▶ TASK PROMPT:
Exactly as they stand, set down the following records once more.
::: DATA EXCERPTS
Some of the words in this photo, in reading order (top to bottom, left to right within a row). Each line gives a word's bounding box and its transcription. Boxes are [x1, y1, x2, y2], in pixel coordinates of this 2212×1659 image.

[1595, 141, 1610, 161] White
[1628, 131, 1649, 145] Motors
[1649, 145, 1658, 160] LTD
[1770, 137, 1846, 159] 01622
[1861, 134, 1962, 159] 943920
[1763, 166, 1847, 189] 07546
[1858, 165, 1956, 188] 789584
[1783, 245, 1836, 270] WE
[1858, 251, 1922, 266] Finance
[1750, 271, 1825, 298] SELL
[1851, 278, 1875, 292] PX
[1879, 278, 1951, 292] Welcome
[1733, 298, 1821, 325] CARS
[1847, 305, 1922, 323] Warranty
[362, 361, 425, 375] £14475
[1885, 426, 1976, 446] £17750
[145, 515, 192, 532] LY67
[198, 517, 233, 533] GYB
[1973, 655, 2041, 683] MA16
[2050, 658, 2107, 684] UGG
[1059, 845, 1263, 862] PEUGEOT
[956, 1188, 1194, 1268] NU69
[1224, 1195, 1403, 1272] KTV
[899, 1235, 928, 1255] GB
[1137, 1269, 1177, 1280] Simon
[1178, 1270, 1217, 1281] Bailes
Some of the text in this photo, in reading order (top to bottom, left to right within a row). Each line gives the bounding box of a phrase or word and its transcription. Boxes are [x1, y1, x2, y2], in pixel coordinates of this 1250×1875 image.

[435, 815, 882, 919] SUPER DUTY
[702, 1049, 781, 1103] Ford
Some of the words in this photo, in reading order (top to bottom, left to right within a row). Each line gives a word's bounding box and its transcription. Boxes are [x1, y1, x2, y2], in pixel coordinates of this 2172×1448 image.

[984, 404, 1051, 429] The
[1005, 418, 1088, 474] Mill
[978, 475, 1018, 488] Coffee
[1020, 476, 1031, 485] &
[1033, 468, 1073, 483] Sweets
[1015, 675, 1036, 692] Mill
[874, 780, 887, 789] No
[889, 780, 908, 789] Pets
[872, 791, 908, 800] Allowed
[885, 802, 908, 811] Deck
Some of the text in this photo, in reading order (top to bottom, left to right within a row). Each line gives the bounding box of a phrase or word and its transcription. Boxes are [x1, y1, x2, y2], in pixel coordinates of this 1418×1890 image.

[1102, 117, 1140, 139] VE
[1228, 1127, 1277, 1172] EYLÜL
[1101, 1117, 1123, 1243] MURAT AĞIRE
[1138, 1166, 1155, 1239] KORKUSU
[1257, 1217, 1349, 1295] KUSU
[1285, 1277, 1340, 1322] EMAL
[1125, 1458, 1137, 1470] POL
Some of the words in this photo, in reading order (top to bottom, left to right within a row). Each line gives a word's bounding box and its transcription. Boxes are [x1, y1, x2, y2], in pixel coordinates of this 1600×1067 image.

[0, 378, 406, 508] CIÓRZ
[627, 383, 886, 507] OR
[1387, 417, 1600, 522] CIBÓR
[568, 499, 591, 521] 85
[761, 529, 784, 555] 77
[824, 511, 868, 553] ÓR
::::::
▶ SOLUTION BELOW:
Some of the words in this photo, in reading order (top to bottom, left to right within a row). Each line gives a word's bounding box and its transcription. Boxes are [x1, y1, x2, y2], in pixel coordinates of this 2212×1659 image.

[1595, 141, 1610, 161] White
[1628, 131, 1649, 145] Motors
[1649, 145, 1658, 160] LTD
[1770, 137, 1846, 159] 01622
[1861, 134, 1962, 159] 943920
[1763, 166, 1847, 189] 07546
[1858, 165, 1956, 188] 789584
[1783, 245, 1836, 270] WE
[1858, 251, 1922, 266] Finance
[1750, 271, 1825, 298] SELL
[1851, 278, 1875, 292] PX
[1879, 278, 1951, 292] Welcome
[1733, 298, 1821, 325] CARS
[1847, 305, 1922, 323] Warranty
[362, 361, 425, 375] £14475
[1885, 426, 1976, 446] £17750
[145, 515, 192, 532] LY67
[198, 517, 233, 533] GYB
[1973, 655, 2041, 683] MA16
[2050, 658, 2107, 684] UGG
[1059, 845, 1263, 862] PEUGEOT
[956, 1188, 1194, 1268] NU69
[1224, 1195, 1403, 1272] KTV
[899, 1235, 928, 1255] GB
[1137, 1269, 1177, 1280] Simon
[1178, 1270, 1217, 1281] Bailes
Some of the text in this photo, in reading order (top to bottom, left to right within a row). Each line gives the bounding box of a phrase or word and its transcription. Boxes are [x1, y1, x2, y2], in pixel coordinates of this 1250×1875 image.

[435, 815, 882, 919] SUPER DUTY
[702, 1049, 781, 1103] Ford
Some of the words in this photo, in reading order (top to bottom, left to right within a row). Each line gives a word's bounding box and its transcription. Boxes are [x1, y1, x2, y2], in pixel coordinates of this 2172×1448 image.

[984, 404, 1051, 429] The
[1005, 418, 1088, 474] Mill
[978, 475, 1018, 488] Coffee
[1020, 476, 1031, 485] &
[1033, 468, 1073, 483] Sweets
[1015, 675, 1036, 692] Mill
[874, 780, 887, 789] No
[889, 780, 908, 789] Pets
[872, 791, 908, 800] Allowed
[885, 802, 908, 811] Deck
Some of the text in this photo, in reading order (top to bottom, left to right within a row). Each line gives the bounding box of a phrase or word and its transcription. Boxes are [x1, y1, x2, y2], in pixel coordinates of this 1418×1890 image.

[1102, 117, 1140, 139] VE
[1228, 1127, 1277, 1172] EYLÜL
[1101, 1117, 1123, 1243] MURAT AĞIRE
[1138, 1166, 1155, 1239] KORKUSU
[1257, 1217, 1349, 1295] KUSU
[1285, 1277, 1340, 1322] EMAL
[1125, 1458, 1137, 1470] POL
Some of the words in this photo, in reading order (top to bottom, left to right within a row). Each line gives a word's bounding box and its transcription. Boxes are [x1, y1, x2, y2], in pixel coordinates of this 1600×1067 image.

[0, 378, 406, 508] CIÓRZ
[627, 383, 886, 507] OR
[1387, 417, 1600, 522] CIBÓR
[568, 499, 591, 521] 85
[761, 529, 784, 555] 77
[824, 511, 868, 553] ÓR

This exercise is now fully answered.